Pumpkin Beer may sound a bit strange to the uninitiated but in fact there’s a long history of pumpkin being used in beer in North America. Apparently Pumpkin was originally used in beer there as a substitute ingredient when malt was hard to come by but is now more valued for its flavour.
Pumpkin beer has become a seasonal staple of the craft beer scene in the US where pumpkin is a popular part of the Fall season, from the carving of pumpkins at Halloween to the eating of pumpkin pie.
The pumpkin beers produced today are more like pumpkin pie in a glass, with a slight pumpkin taste but more focus on spices like cinnamon, nutmeg, ginger and clove.
I’ve had a couple of pumpkin beers in Australian on tap over the years and found them really enjoyable. There was the light, refreshing and wonderfully sessionable take from Murray’s that I thought could have been a go-to beer for me if it was produced more regularly. And there was the very tasty Pumpkin Porter from Moon Dog, where chocolate and pumpkin were combined to wonderful effect.
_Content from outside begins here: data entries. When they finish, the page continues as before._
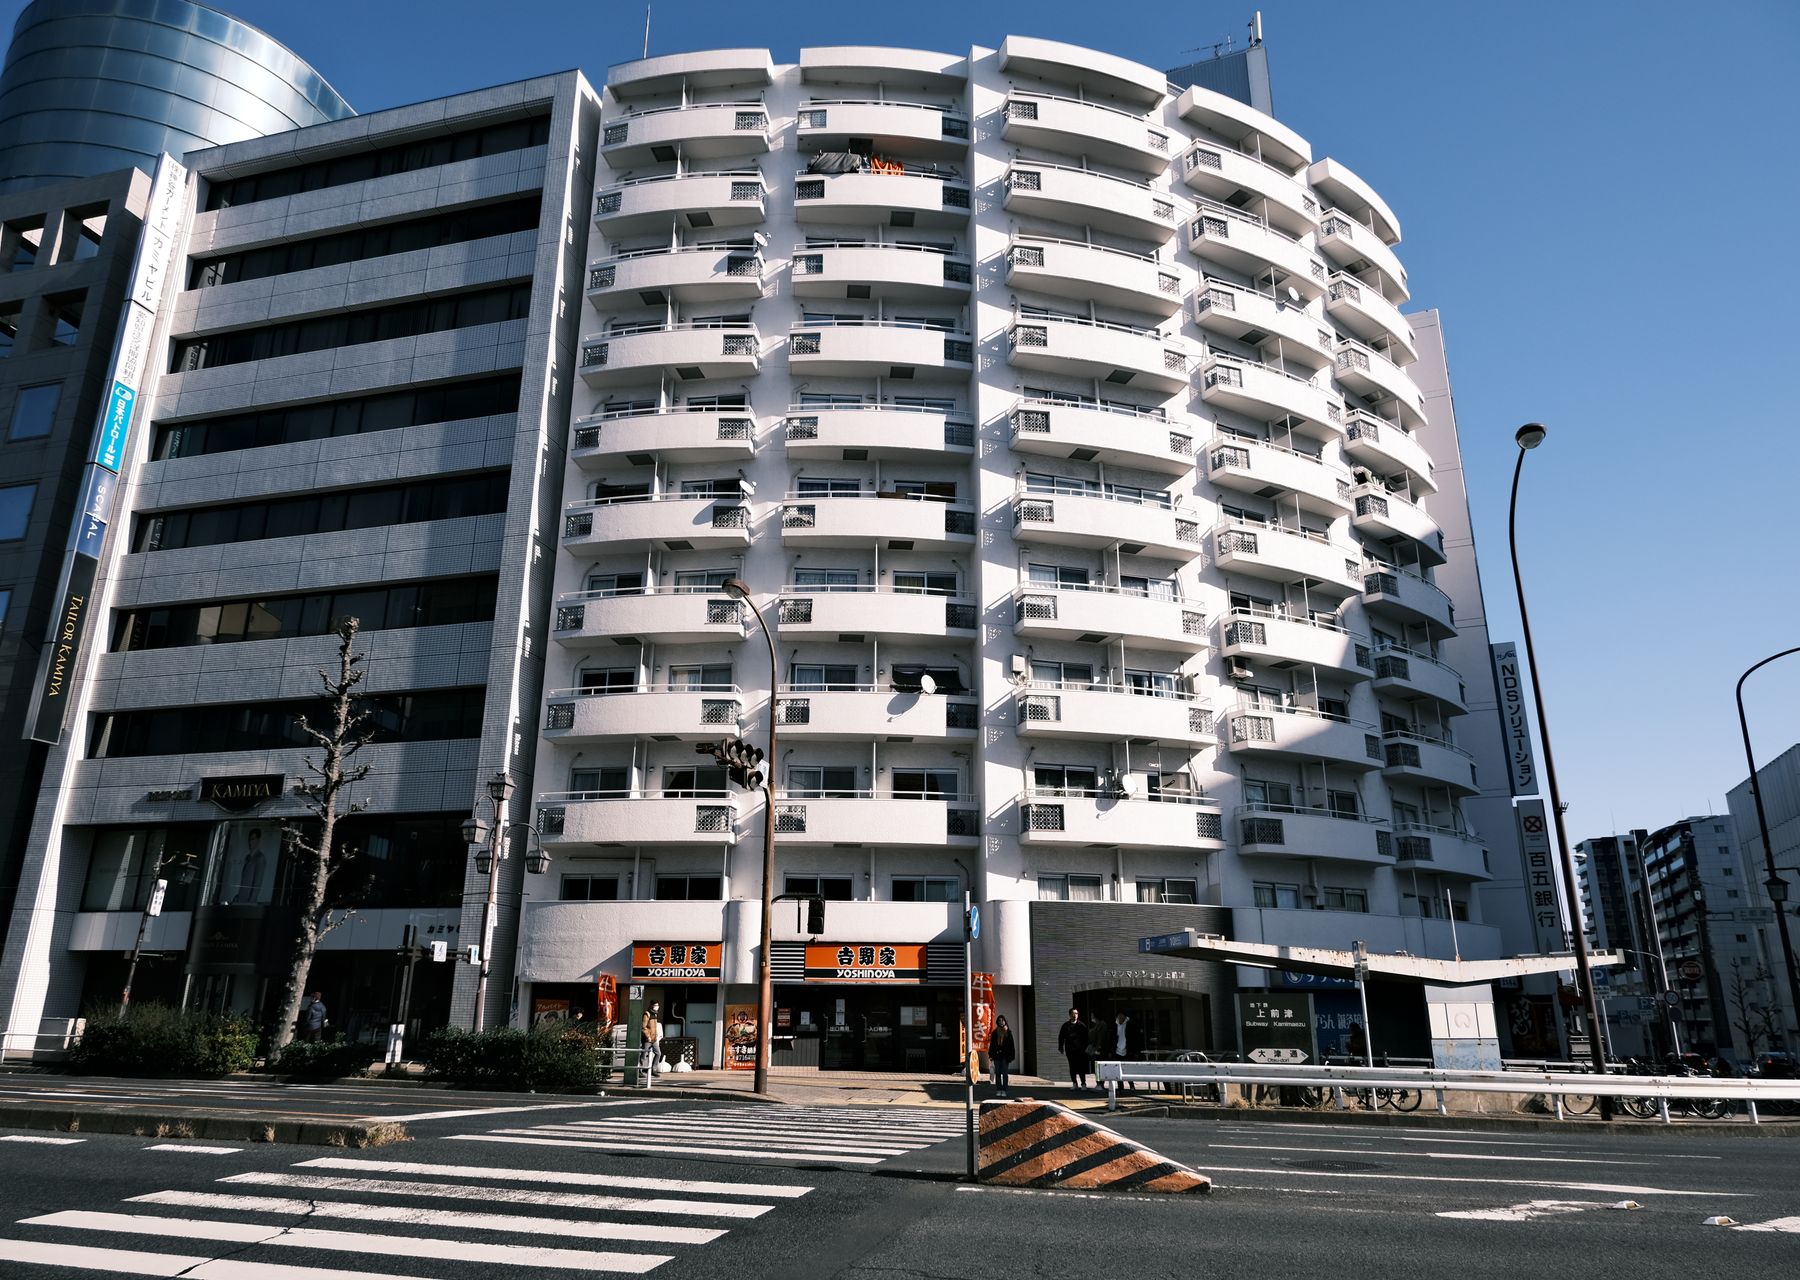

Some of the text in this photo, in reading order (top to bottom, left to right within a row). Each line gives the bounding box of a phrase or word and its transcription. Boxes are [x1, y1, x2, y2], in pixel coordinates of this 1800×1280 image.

[141, 236, 164, 302] カミヤビル
[86, 485, 107, 540] SCABAL
[48, 595, 84, 698] TAILOR KAMIYA
[1501, 663, 1532, 787] NDSソリューション
[211, 783, 271, 799] KAMIYA
[1528, 851, 1556, 928] 百五銀行
[648, 968, 706, 977] YOSHINOYA
[836, 969, 896, 978] YOSHINOYA
[972, 975, 992, 1042] 牛すき
[1245, 1020, 1306, 1028] Subway Kamimaezu
[1256, 1009, 1294, 1019] 上前津
[1258, 1050, 1298, 1058] 大津通
So when I recently came across Gage Road Pumpkin Ale longnecks selling at a ridiculously cheap $3 at my local Woolies along with another discounted Pumpkin Ale from a New York state brewery Saranac, I thought I’d give them both a try and have a pumpkin-beer-off.
Gage Roads versus Saranac – the battle of the pumpkin ales
The Gage Roads was a very light bodied beer with a yellow golden colour, and fairly fizzy. A festive spice mix of cinnamon and spice and all things nice emanates from the glass. The pumpkin is sweet and savoury, masking some of the bitterness, and the spices linger slightly after the taste.
Saranac has a darker amber body. The head quickly dissipates after pouring and there is a light aroma of cinnamon and spices on the nose. The beer is a lot more subtle than the Gage Roads due to the stronger malt profile that hides some of pumpkin and spices.
If you like smooth well-balanced maltier beers, then Saranac’s your ticket. The Gage Roads is more like a lager in body but that also allows the spices to shine through more, so if you like a bit more zing and taste as I do, then you might prefer that. I can’t imagine drinking a lot of either, but one or two is quite refreshing and tasty.
Another pumpkin beer that I’ve yet to try but sounds great is Hop Dog Brewery’s All Hallowed Ale, which the Craft Pint gives quite a plug.